(Stored data entries)

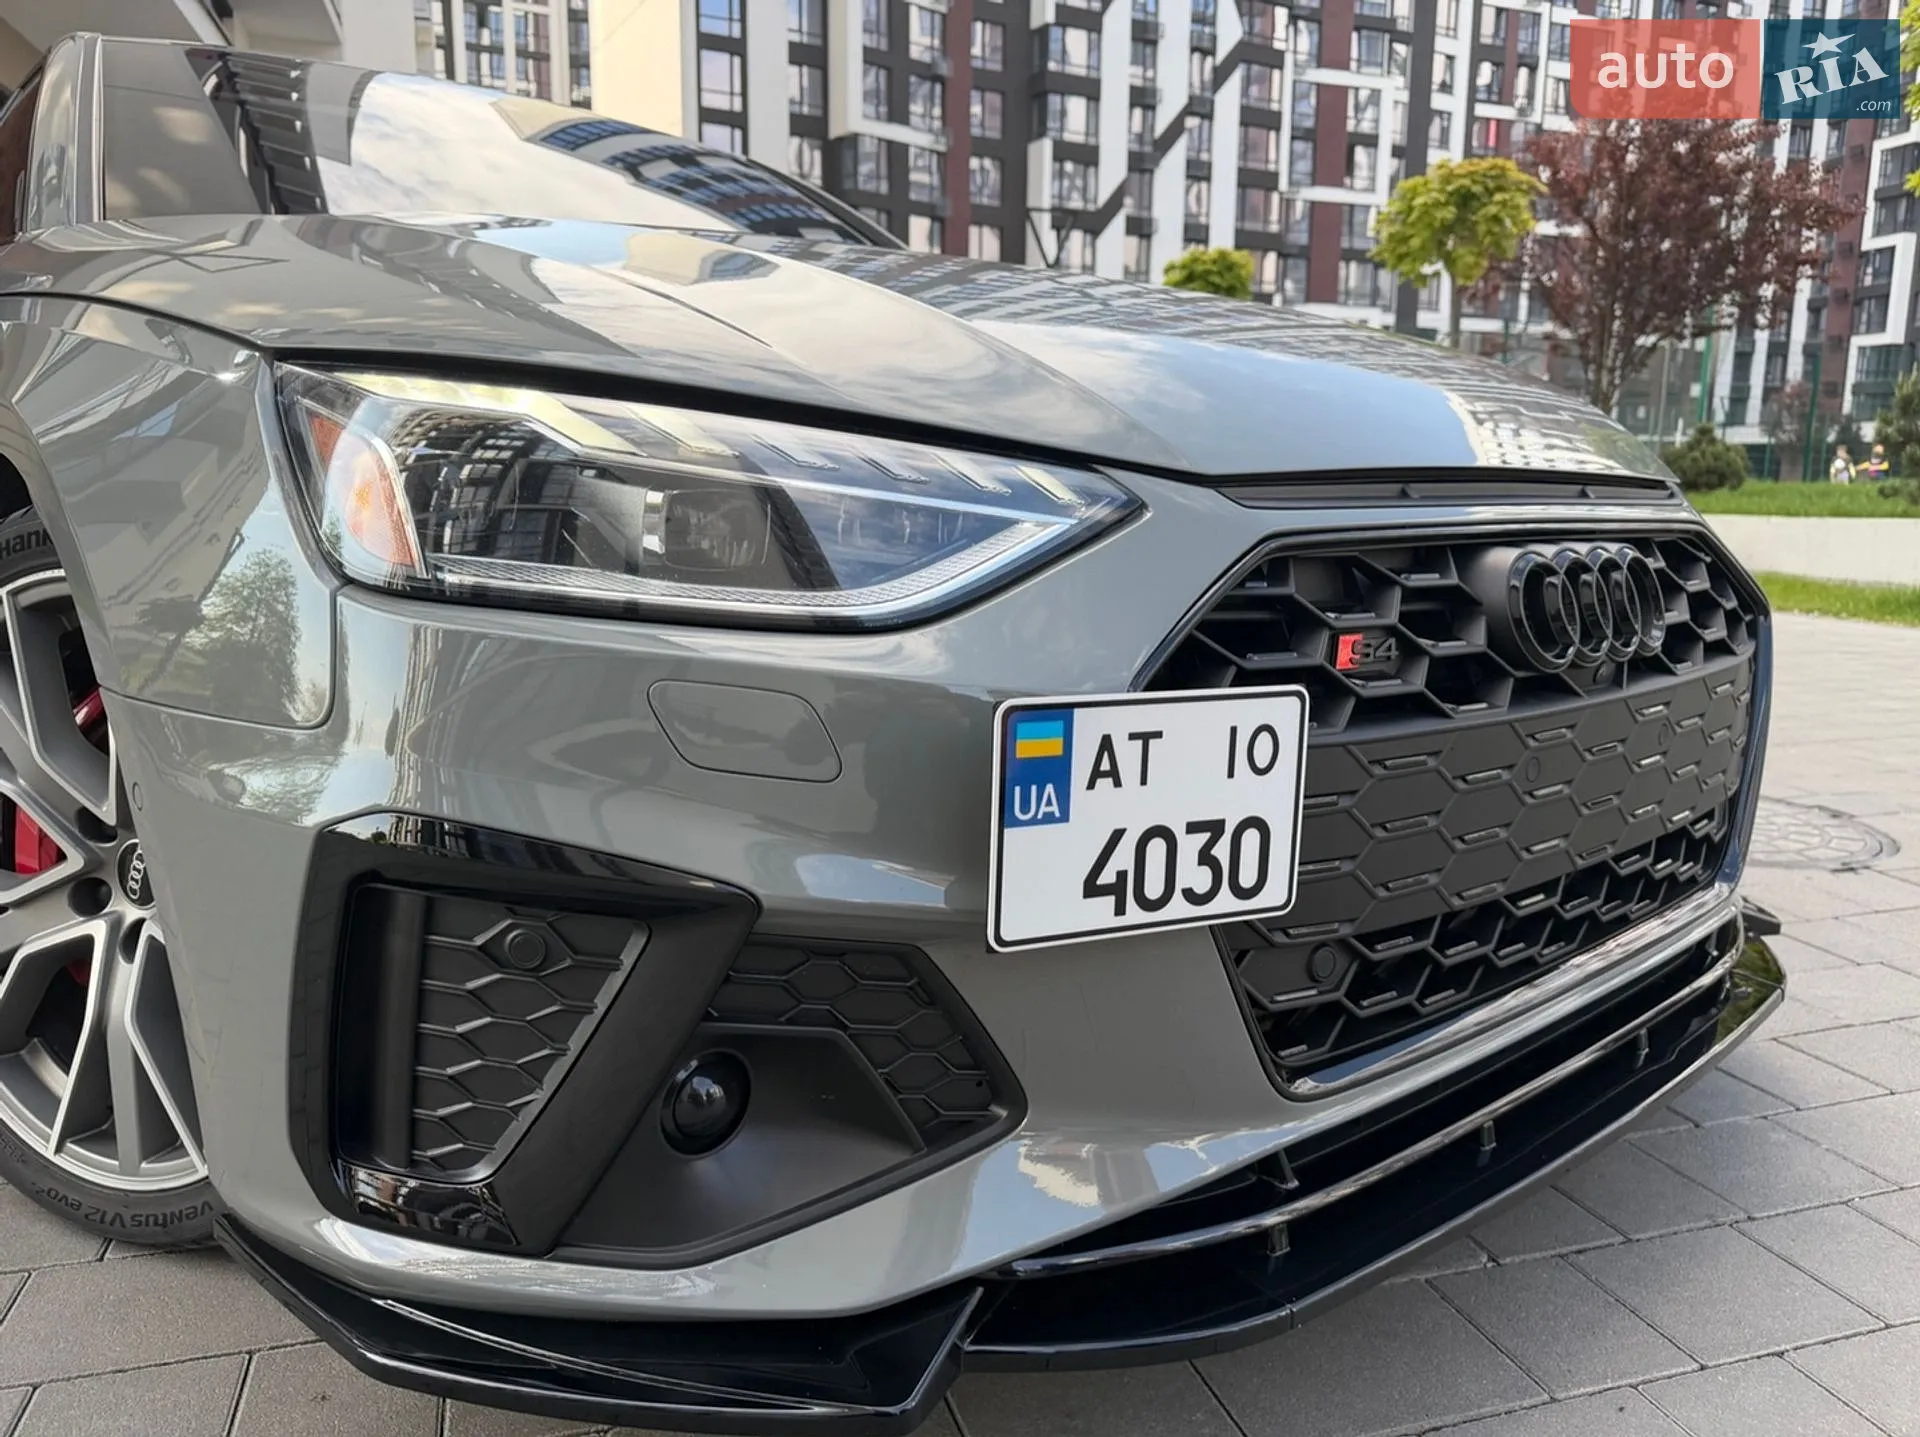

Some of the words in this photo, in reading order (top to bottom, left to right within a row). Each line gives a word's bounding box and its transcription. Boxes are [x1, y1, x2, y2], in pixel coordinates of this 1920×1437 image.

[1348, 636, 1399, 665] S4
[1086, 730, 1164, 791] AT
[1226, 723, 1280, 779] IO
[1013, 783, 1061, 821] UA
[1082, 815, 1271, 917] 4030
[84, 1206, 126, 1229] V12
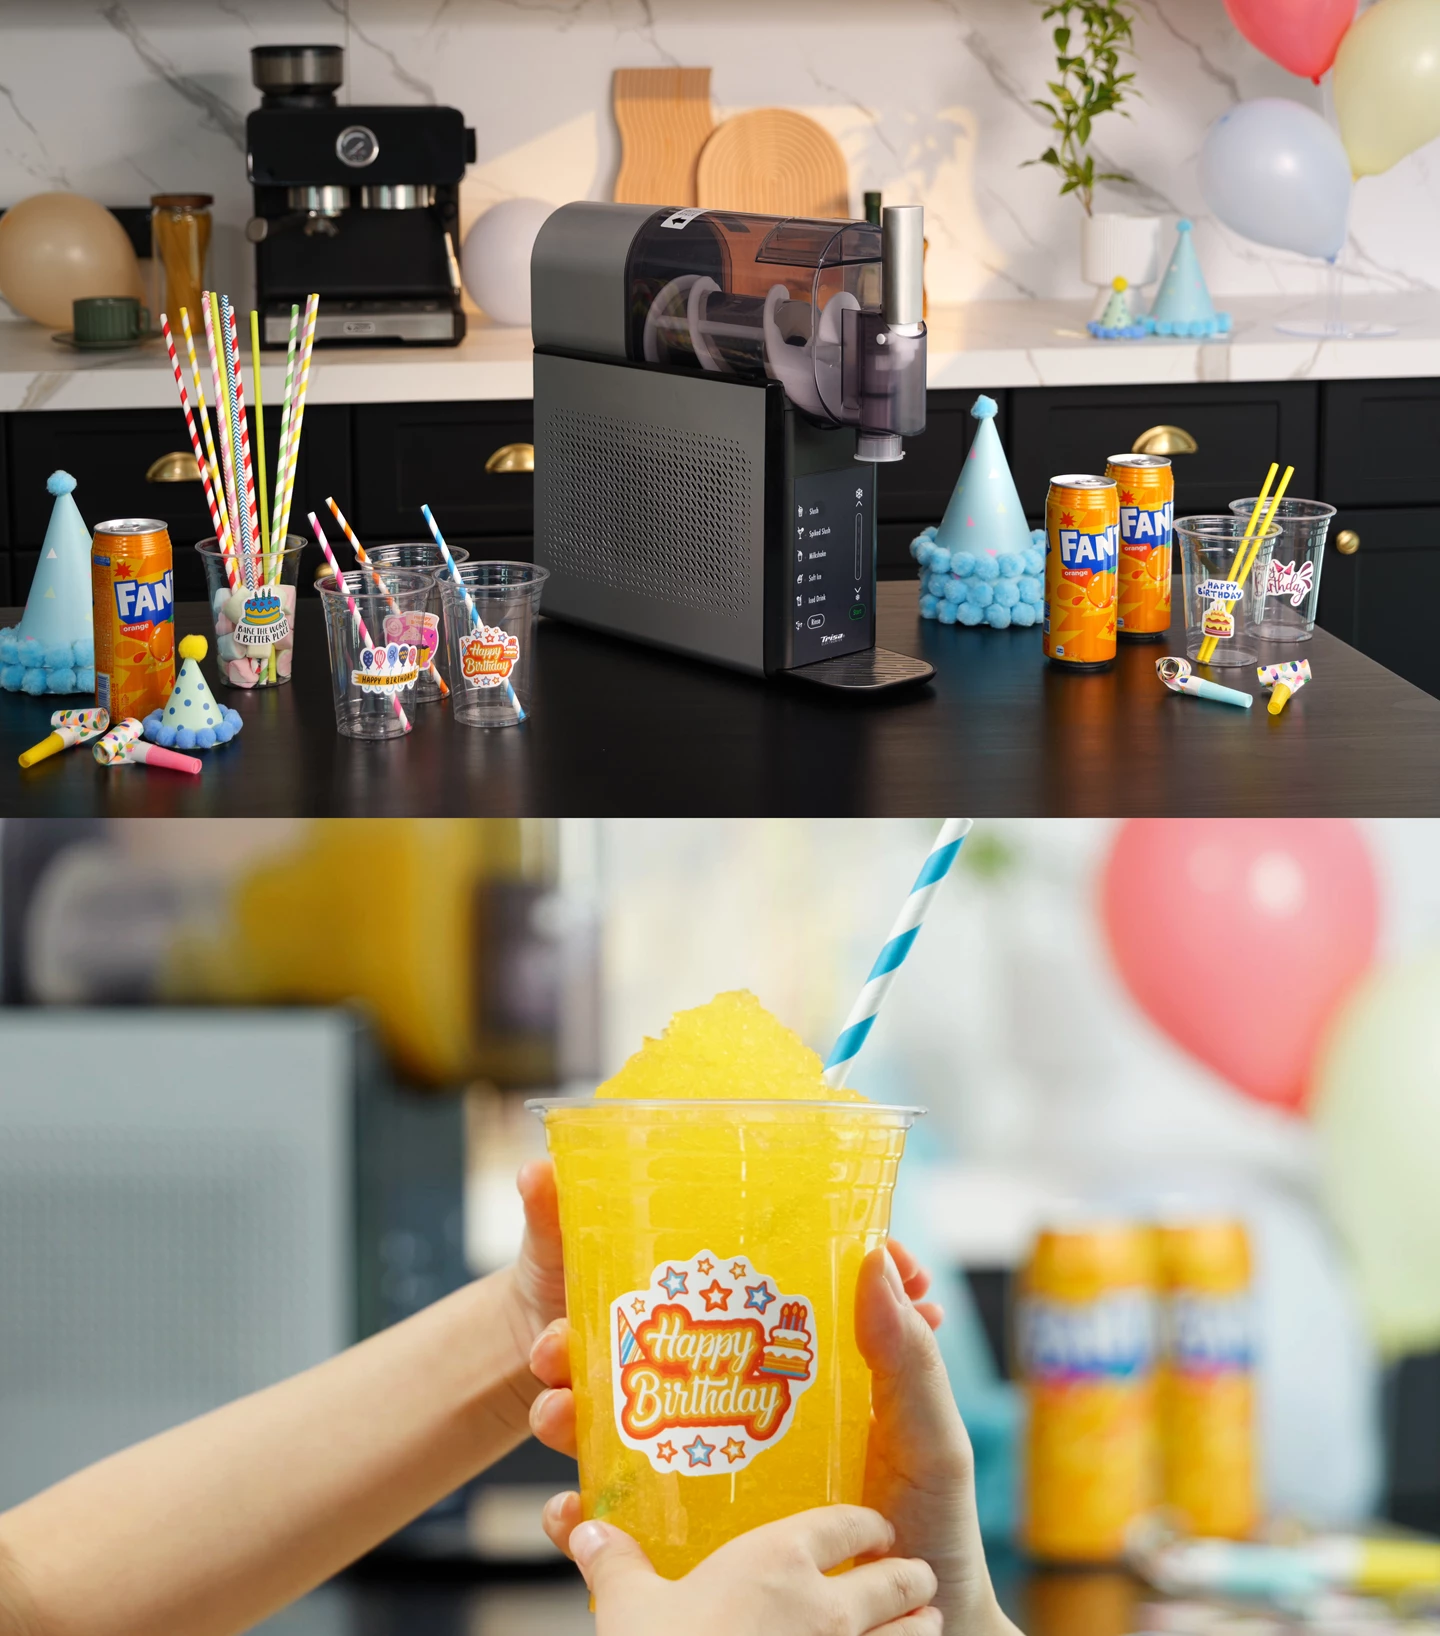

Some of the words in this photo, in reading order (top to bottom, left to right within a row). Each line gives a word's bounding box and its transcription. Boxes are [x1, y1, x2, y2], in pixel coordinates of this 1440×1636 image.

[809, 529, 821, 538] Spiked
[809, 550, 827, 560] Milkshake
[808, 574, 816, 582] Soft
[1207, 581, 1237, 591] HAPPY
[816, 594, 826, 602] Drink
[123, 622, 149, 633] orange
[237, 625, 254, 635] BAKE
[257, 627, 268, 635] THE
[269, 619, 288, 633] WORLD
[235, 633, 241, 641] A
[243, 635, 271, 643] BETTER
[272, 627, 289, 641] PLACE
[820, 633, 844, 643] Trisa
[470, 643, 501, 660] Happy
[465, 657, 509, 675] Birthday
[362, 675, 382, 684] HAPPY
[645, 1315, 754, 1374] Happy
[630, 1370, 780, 1429] Birthday
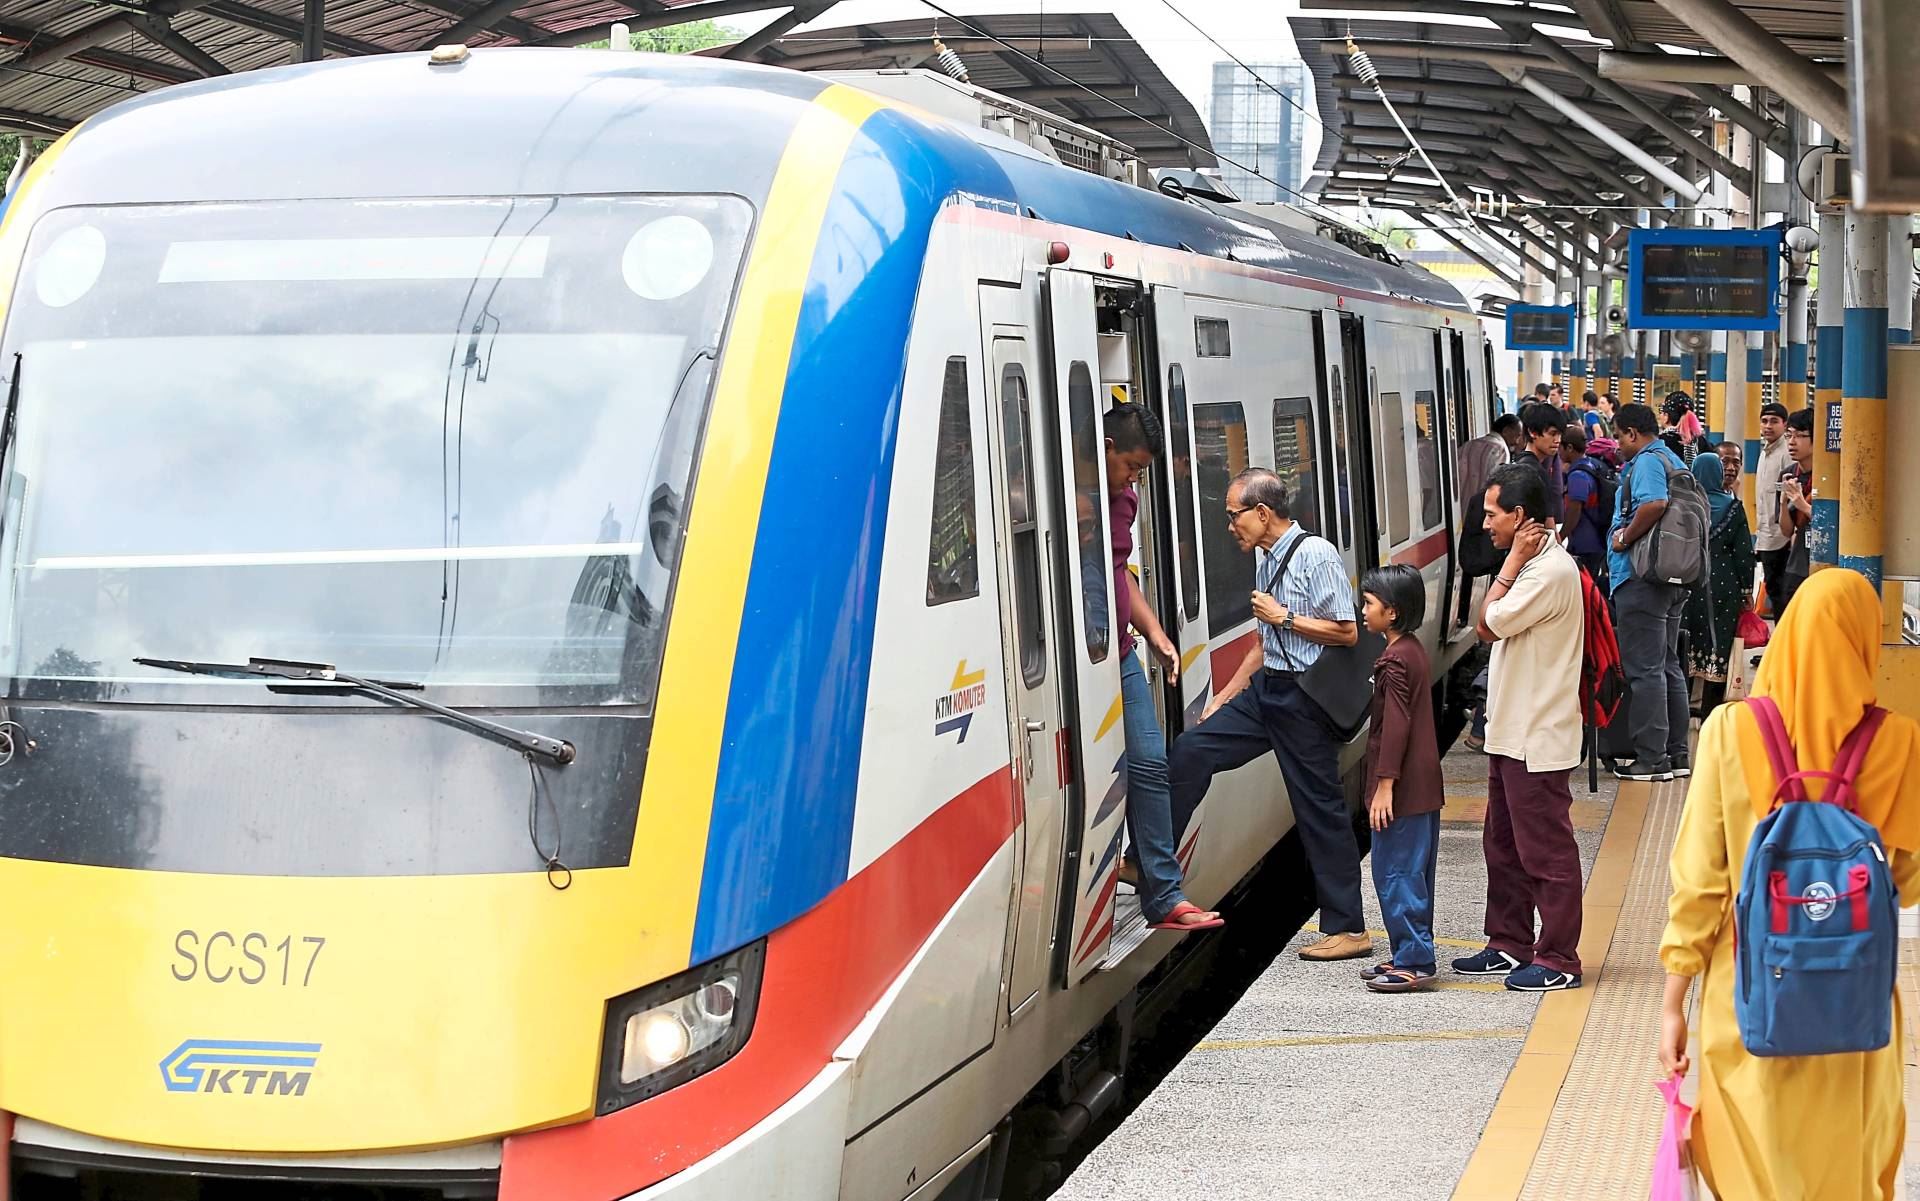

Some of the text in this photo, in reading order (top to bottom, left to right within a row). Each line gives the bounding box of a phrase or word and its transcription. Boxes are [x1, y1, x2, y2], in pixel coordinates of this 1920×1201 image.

[935, 684, 986, 720] KTM KOMUTER
[171, 929, 326, 987] SCS17
[203, 1068, 312, 1097] KTM

→ Exercise prompt
Each line of the data above must be repeated exactly, images excluded.

→ Answer to this problem
Some of the words in this photo, in reading order (top to bottom, left to right within a row). Each line gives a word's bounding box and its transcription. Boxes are [x1, y1, x2, y2], in pixel coordinates of this 1920×1437 image.

[1348, 636, 1399, 665] S4
[1086, 730, 1164, 791] AT
[1226, 723, 1280, 779] IO
[1013, 783, 1061, 821] UA
[1082, 815, 1271, 917] 4030
[84, 1206, 126, 1229] V12

Some of the words in this photo, in reading order (top to bottom, left to right within a row). Each line gives a word's bounding box and its transcription. Boxes are [x1, y1, x2, y2], in pixel coordinates of this 1440×1636 image.

[809, 529, 821, 538] Spiked
[809, 550, 827, 560] Milkshake
[808, 574, 816, 582] Soft
[1207, 581, 1237, 591] HAPPY
[816, 594, 826, 602] Drink
[123, 622, 149, 633] orange
[237, 625, 254, 635] BAKE
[257, 627, 268, 635] THE
[269, 619, 288, 633] WORLD
[235, 633, 241, 641] A
[243, 635, 271, 643] BETTER
[272, 627, 289, 641] PLACE
[820, 633, 844, 643] Trisa
[470, 643, 501, 660] Happy
[465, 657, 509, 675] Birthday
[362, 675, 382, 684] HAPPY
[645, 1315, 754, 1374] Happy
[630, 1370, 780, 1429] Birthday

Some of the text in this photo, in reading order (top to bottom, left to right within a row). Each line gives the bounding box of a phrase or word and its transcription. Boxes are [x1, y1, x2, y2], in pixel coordinates of this 1920×1201 image.

[935, 684, 986, 720] KTM KOMUTER
[171, 929, 326, 987] SCS17
[203, 1068, 312, 1097] KTM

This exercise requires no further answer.